Saved data entries
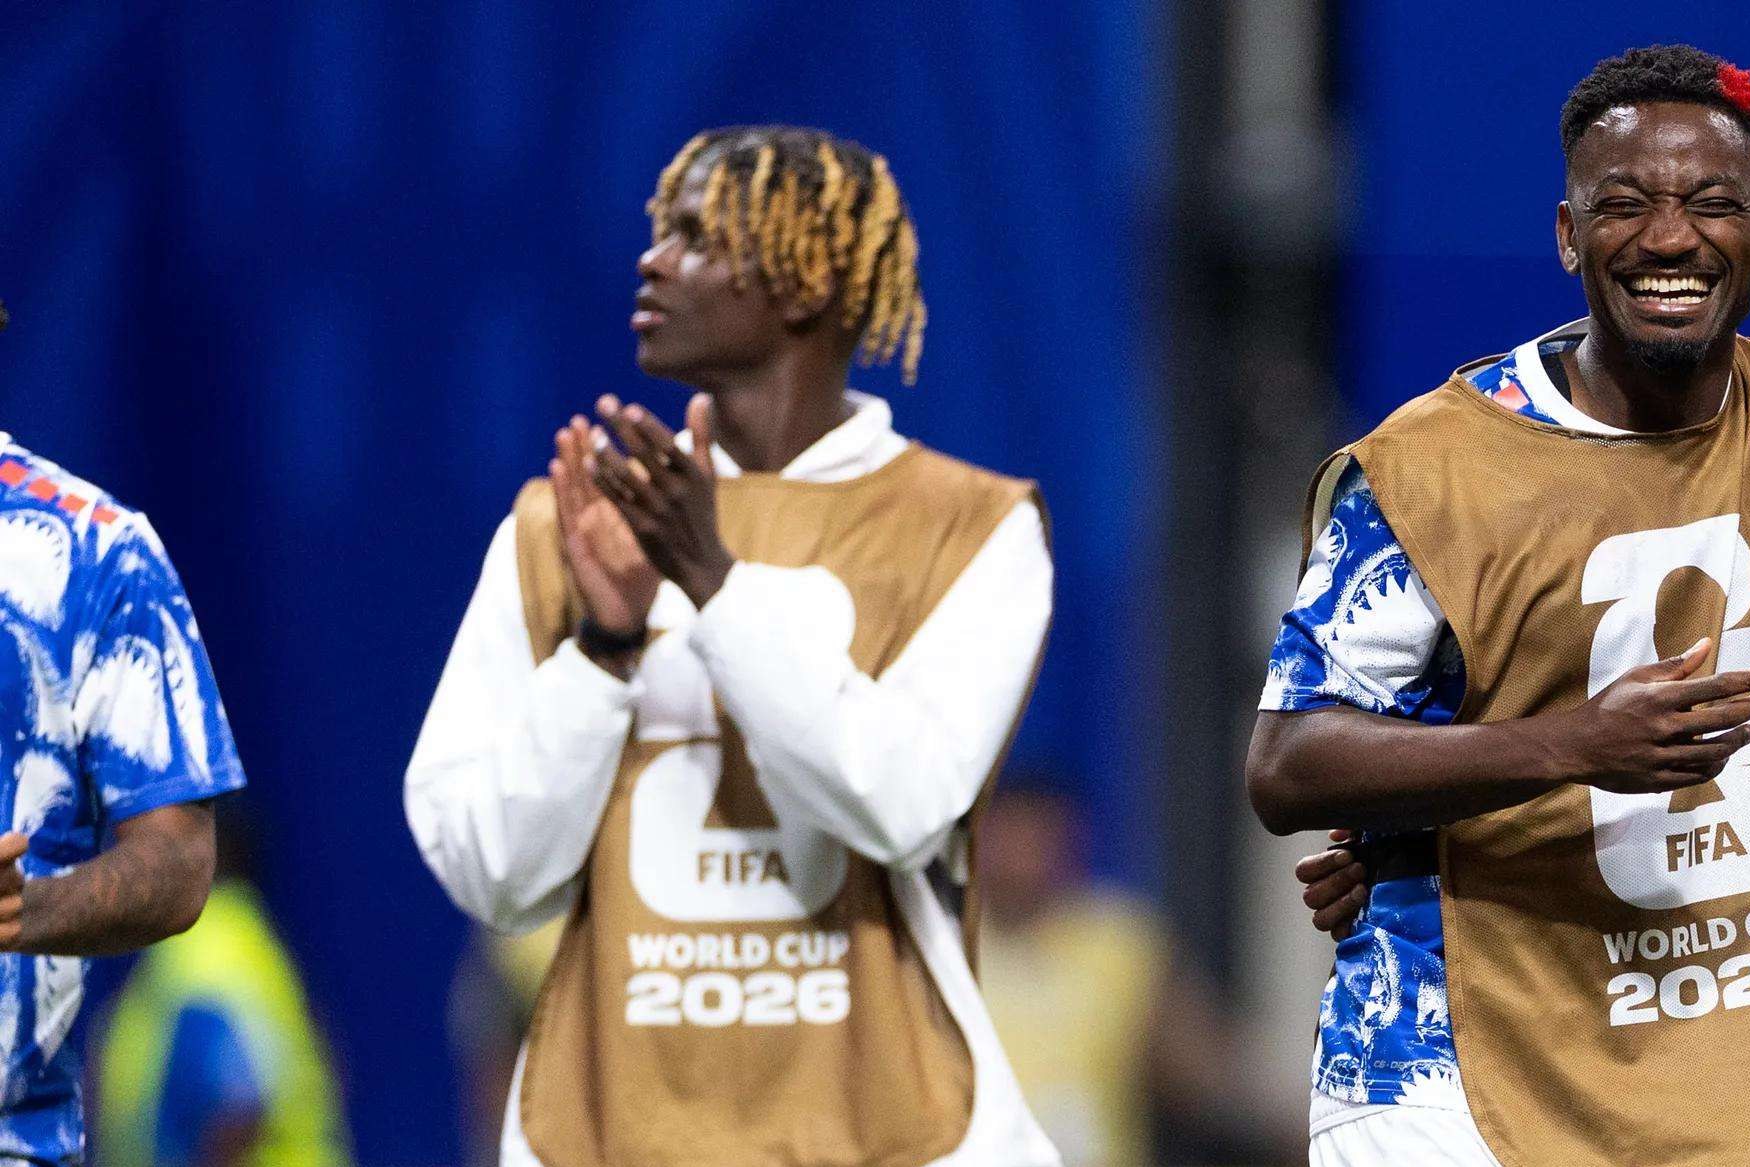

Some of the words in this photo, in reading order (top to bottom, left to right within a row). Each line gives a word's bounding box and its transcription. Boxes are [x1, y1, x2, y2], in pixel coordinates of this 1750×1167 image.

[696, 851, 790, 884] FIFA
[1665, 821, 1748, 872] FIFA
[626, 932, 772, 969] WORLD
[774, 931, 850, 968] CUP
[1602, 917, 1738, 964] WORLD
[624, 968, 851, 1027] 2026

Exercise prompt:
Leave out the pictures and reproduce the rest of the records exactly.

Answer section:
Some of the words in this photo, in reading order (top to bottom, left to right within a row). Each line gives a word's bounding box and its transcription. Boxes are [x1, y1, x2, y2], in pixel coordinates of this 1750×1167 image.

[696, 851, 790, 884] FIFA
[1665, 821, 1748, 872] FIFA
[626, 932, 772, 969] WORLD
[774, 931, 850, 968] CUP
[1602, 917, 1738, 964] WORLD
[624, 968, 851, 1027] 2026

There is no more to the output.